Little viral replication occurs in the later phases of Covid. By the time patients reach the hospital, that phase is largely past. The mortality and morbidity in Covid is provoked by an overwhelming hyper immune inflammatory response. A cytokine storm. In the laboratory, Ivermectin has potent anti-inflammatory properties with profound inhibition of cytokine production. Many studies across many nations suggest it may help. Studies are ongoing to help clarify its role, if any.


At Evergreen, we understand the unsettled science surrounded Ivermectin. We recognize this is off label use of this medication. The patient is fully informed of this. Informed consent is important, and we do not oversell Ivermectin’s benefits.


Ivermectin is inexpensive. With appropriate dosing, its safety in human use is demonstrated by 40 years of use and billions of doses, with mild and rare side effects. The argument against the use of Ivermectin has been based on poison control reports of people using veterinary doses of this drug. Evergreen does not use veterinary doses of Ivermectin. A drug cannot be judged based on its misuse.


There are 2 recent large conflicting meta-analysis studies of Ivermectin. They came to different conclusions about differences in mortality with early treatment using Ivermectin. What they did not disagree about is that Ivermectin was safe when used correctly.
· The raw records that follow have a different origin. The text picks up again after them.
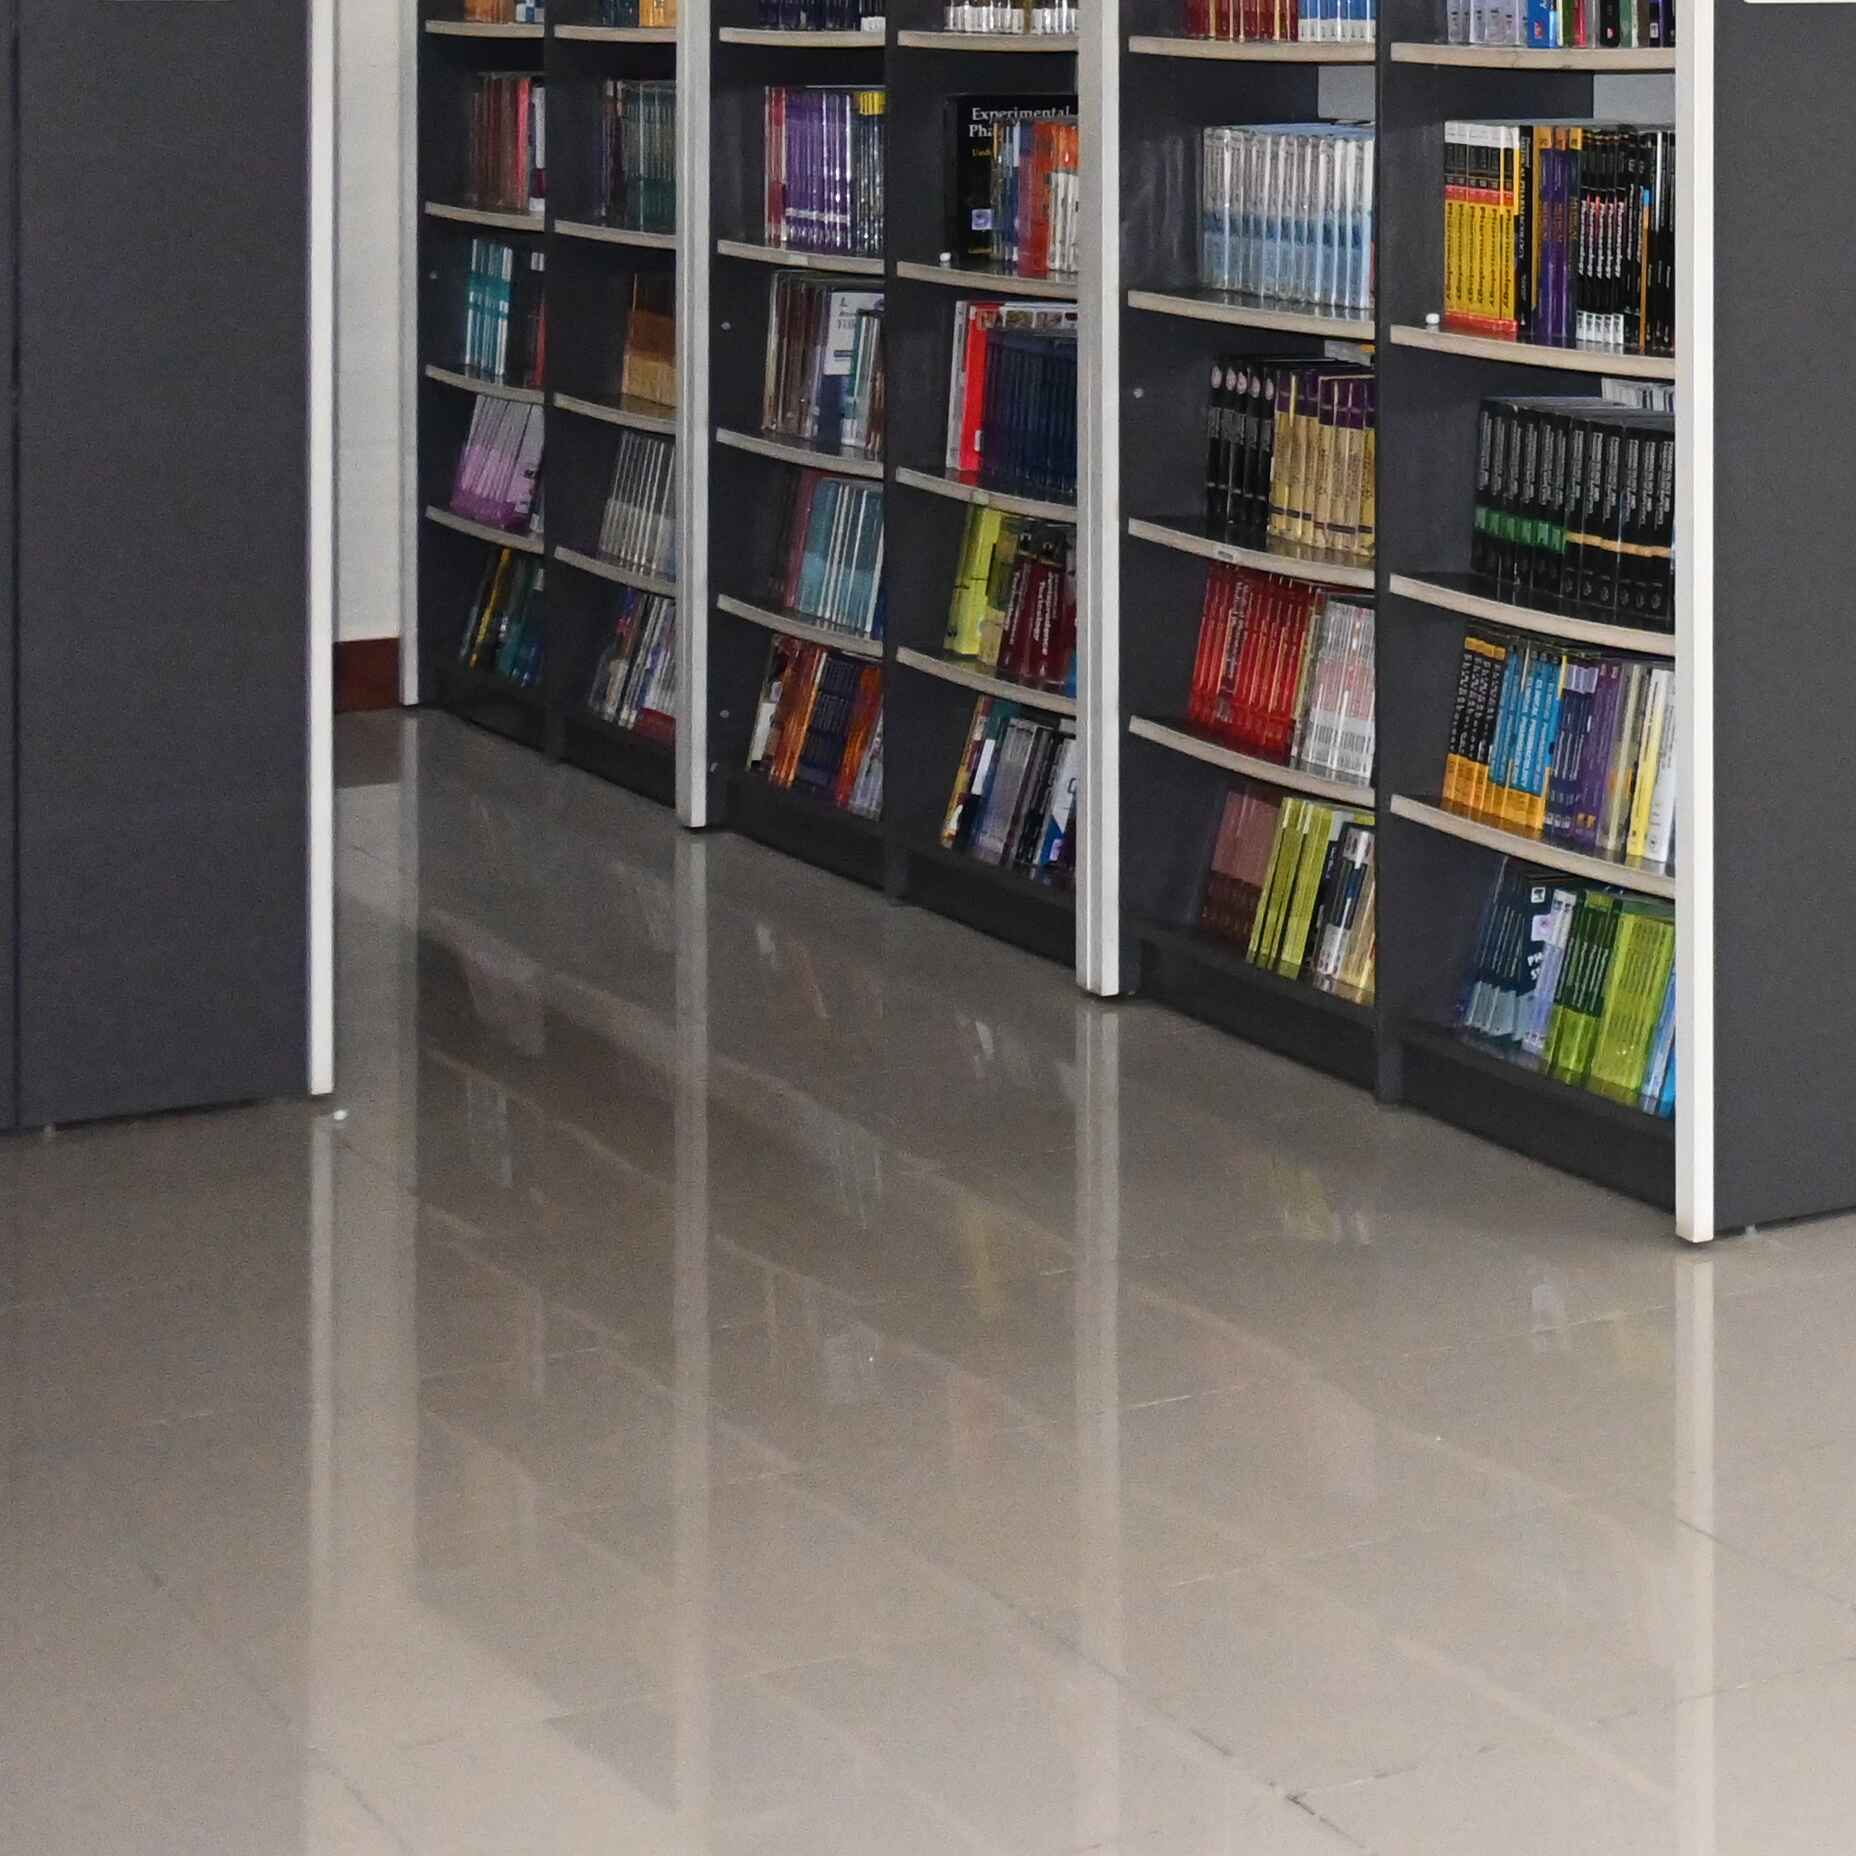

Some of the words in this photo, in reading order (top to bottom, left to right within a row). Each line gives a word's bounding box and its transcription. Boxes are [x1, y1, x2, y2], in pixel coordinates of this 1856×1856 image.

[972, 105, 1071, 124] Experimental
[1578, 200, 1587, 276] Pharmacology
[1587, 202, 1596, 278] Pharmacology
[1596, 203, 1605, 279] Pharmacology
[1605, 203, 1614, 279] Pharmacology
[1615, 201, 1624, 279] Pharmacology
The meta-analysis in Clinical Infectious Disease, the study adverse to Ivermectin efficacy in treating Covid, stated “Ivermectin was found to be similar to placebo in safety and tolerability, even at 10 times the highest FDA-approved dose” However, since the drug has not been specifically used to treat Covid, the authors added “well -designed randomly controlled trials with longer treatment and higher doses would be necessary to evaluate safety when treating patients with Covid.”
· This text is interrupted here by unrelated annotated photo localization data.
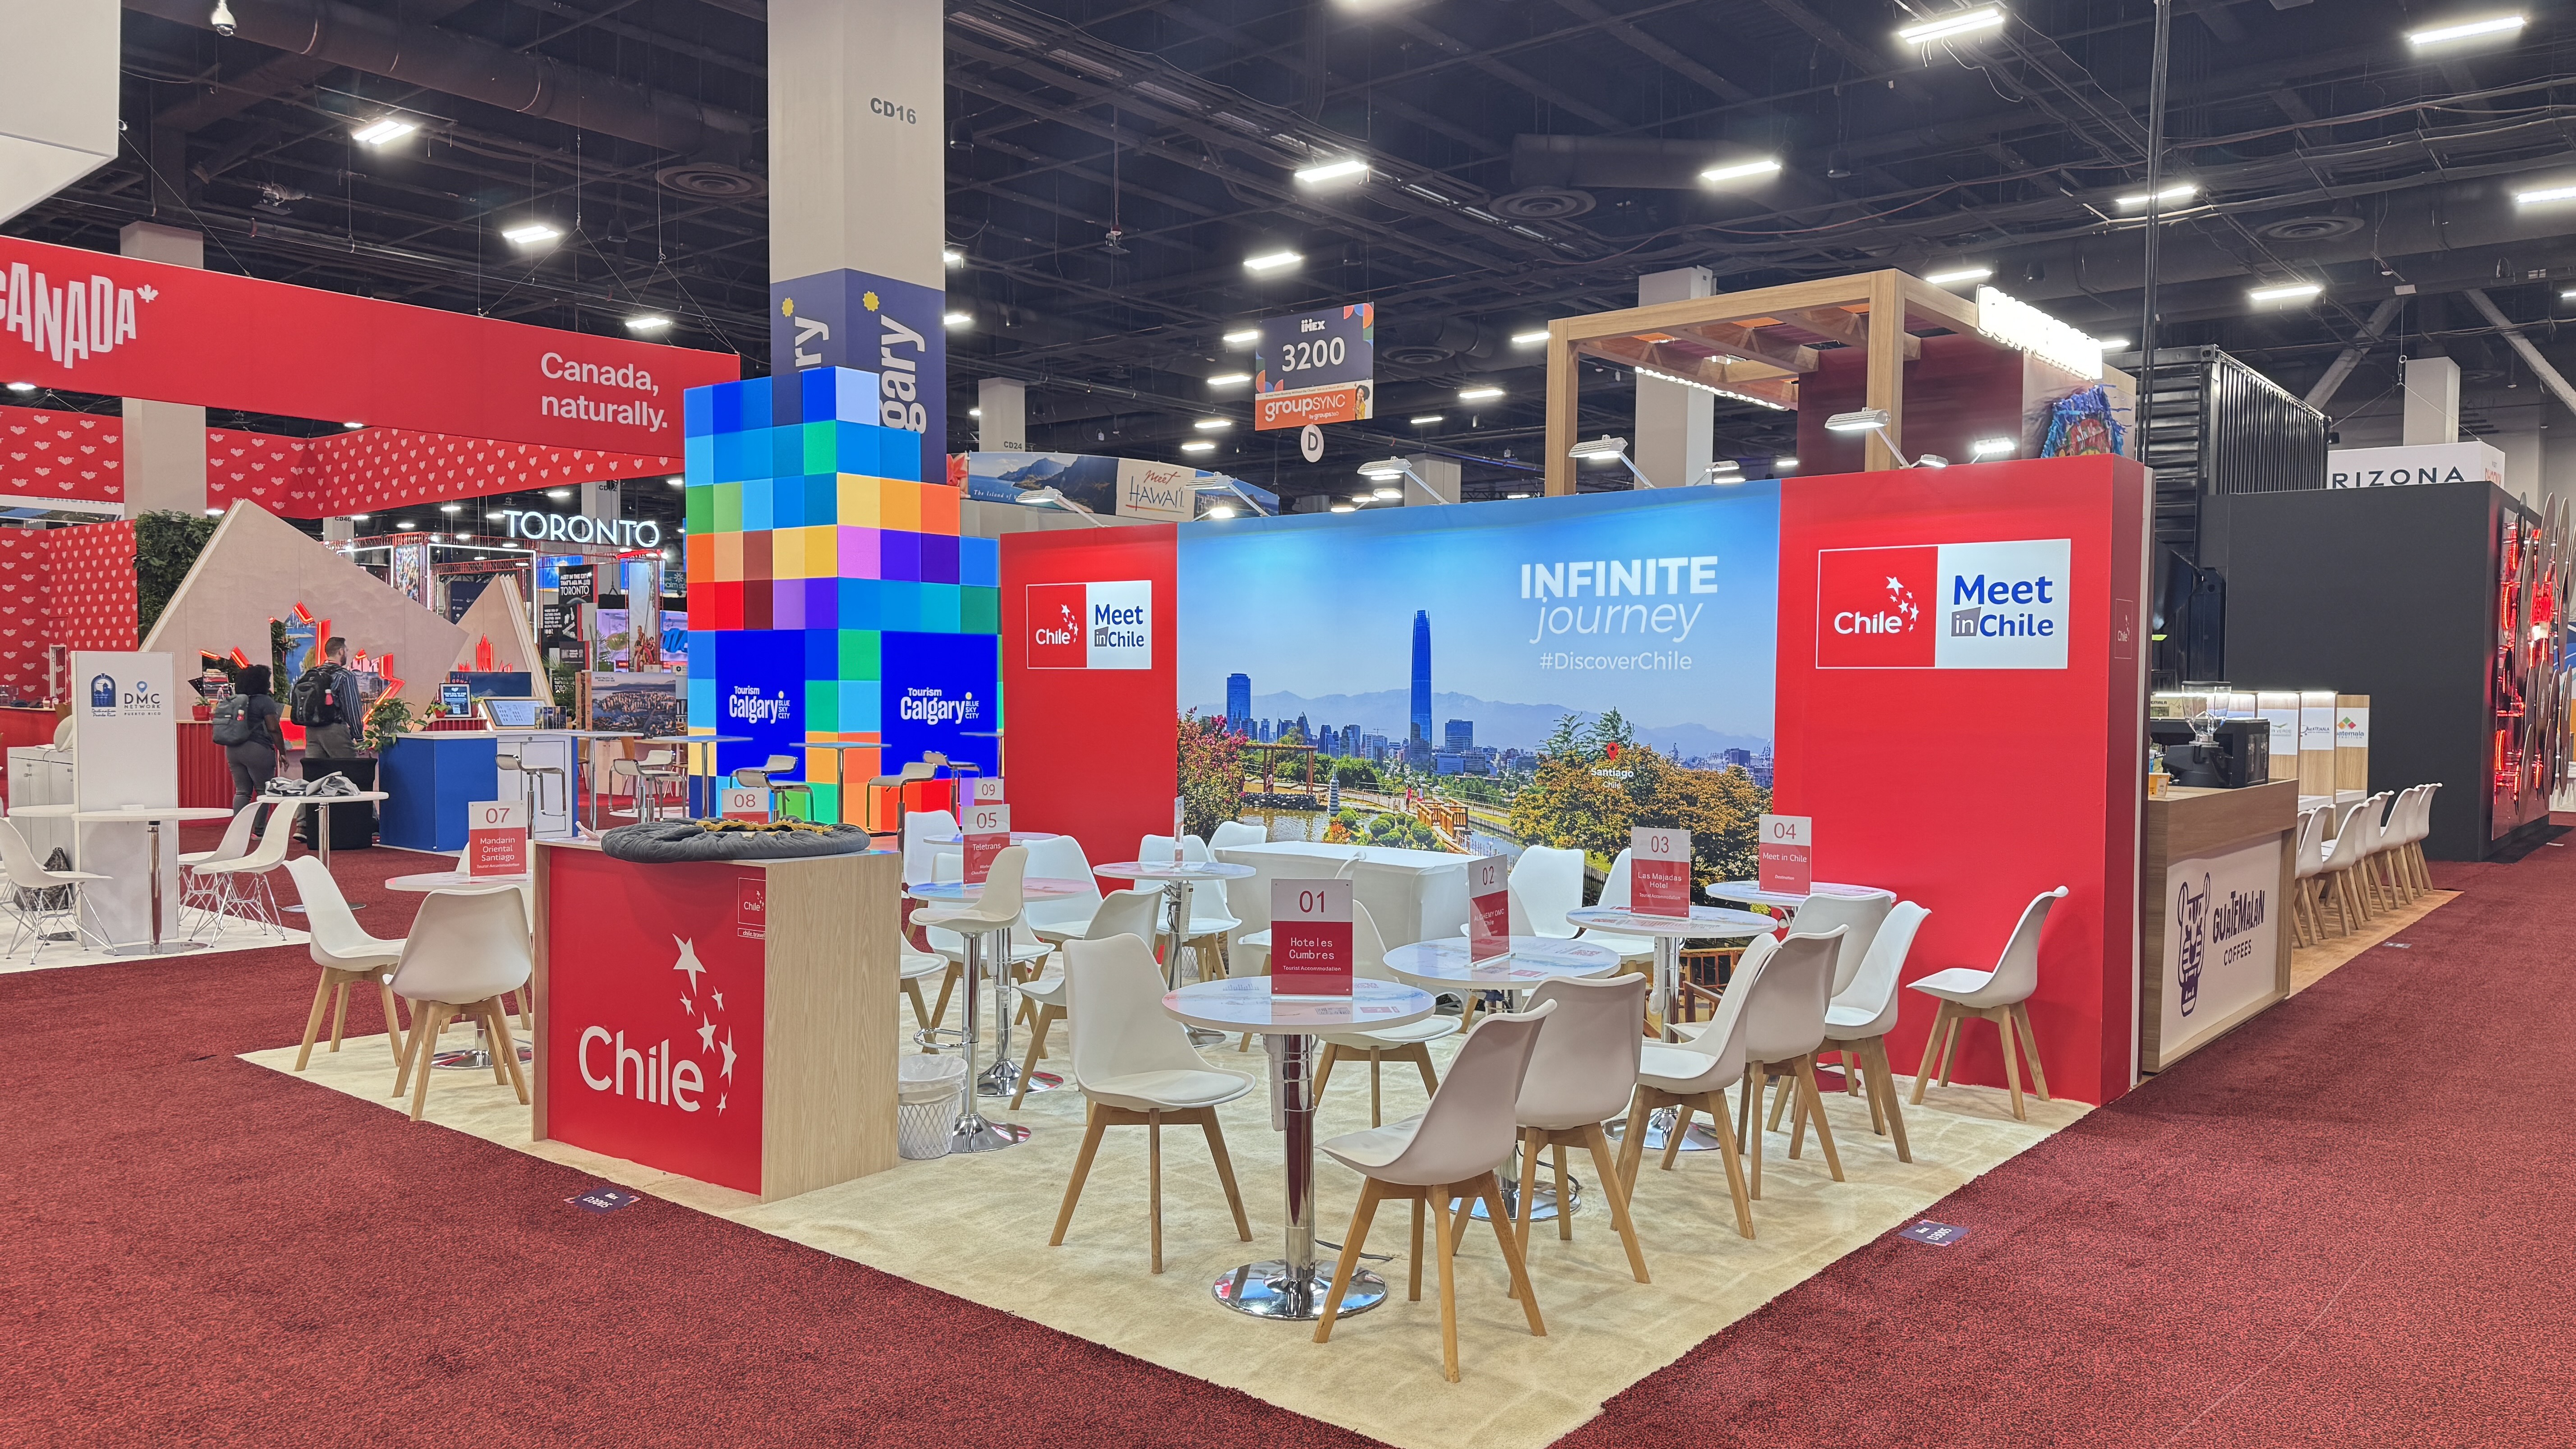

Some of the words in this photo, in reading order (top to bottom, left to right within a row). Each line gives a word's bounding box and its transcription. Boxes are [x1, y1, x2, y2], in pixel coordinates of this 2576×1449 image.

[870, 98, 916, 124] CD16
[1282, 337, 1345, 372] 3200
[541, 352, 658, 397] Canada,
[542, 396, 668, 432] naturally.
[1004, 441, 1022, 450] CD24
[1308, 432, 1318, 451] D
[1145, 470, 1181, 485] Meet
[503, 510, 660, 547] TORONTO
[1522, 556, 1718, 598] INFINITE
[561, 585, 589, 596] TORONTO
[1954, 574, 2053, 605] Meet
[1095, 604, 1143, 625] Meet
[1529, 596, 1704, 644] journey
[1834, 610, 1902, 635] Chile
[1979, 613, 2053, 637] Chile
[1036, 628, 1071, 645] Chile
[1109, 631, 1144, 647] Chile
[1540, 651, 1692, 670] #DiscoverChile
[124, 693, 160, 704] DMC
[734, 685, 759, 695] Tourism
[907, 687, 942, 696] Tourism
[729, 695, 778, 724] Calgary
[901, 696, 965, 725] Calgary
[1591, 768, 1634, 780] Santiago
[982, 784, 995, 796] 09
[734, 794, 755, 807] 08
[486, 808, 510, 823] 07
[977, 812, 997, 828] 05
[1774, 823, 1796, 839] 04
[1651, 836, 1669, 853] 03
[1763, 852, 1780, 860] Meet
[1482, 866, 1494, 885] 02
[1652, 873, 1682, 882] Majadas
[744, 902, 760, 911] Chile
[1299, 891, 1325, 913] 01
[1291, 937, 1333, 947] Hoteles
[1289, 949, 1334, 959] Cumbres
[2224, 939, 2251, 966] COFFEES
[579, 1026, 704, 1112] Chile
[583, 1196, 613, 1208] D3005
[1927, 1228, 1952, 1241] D3005
In the meantime, many patients are telling us that Ivermectin had a positive effect (including medical professionals). In March 2020, EFM had an inpatient census of 40 patients in the hospital. Currently, at the peak of the delta surge, we have about 20. We believe the totality of our early interventions is helping to keep patients out of the hospital.


The CDC has never had a problem blocking a drug that doctors on the front lines think is helpful, even in the heat of battle, if the CDC can’t get that drug to jump over the exact hurdle it sets for it. And that’s wrong. That occurred in 1987 when Dr. Fauci declined to promote Bactrim as PCP Prophylaxis in patients with AIDS costing thousands of patient lives.


When the Medical Association Chairman of the nation of Japan recommended to Japanese Doctors they should prescribe Ivermectin for Covid, he made an interesting statement. “I would like the government to consider treatment at the level of the family doctor.”


I wish our government would do the same.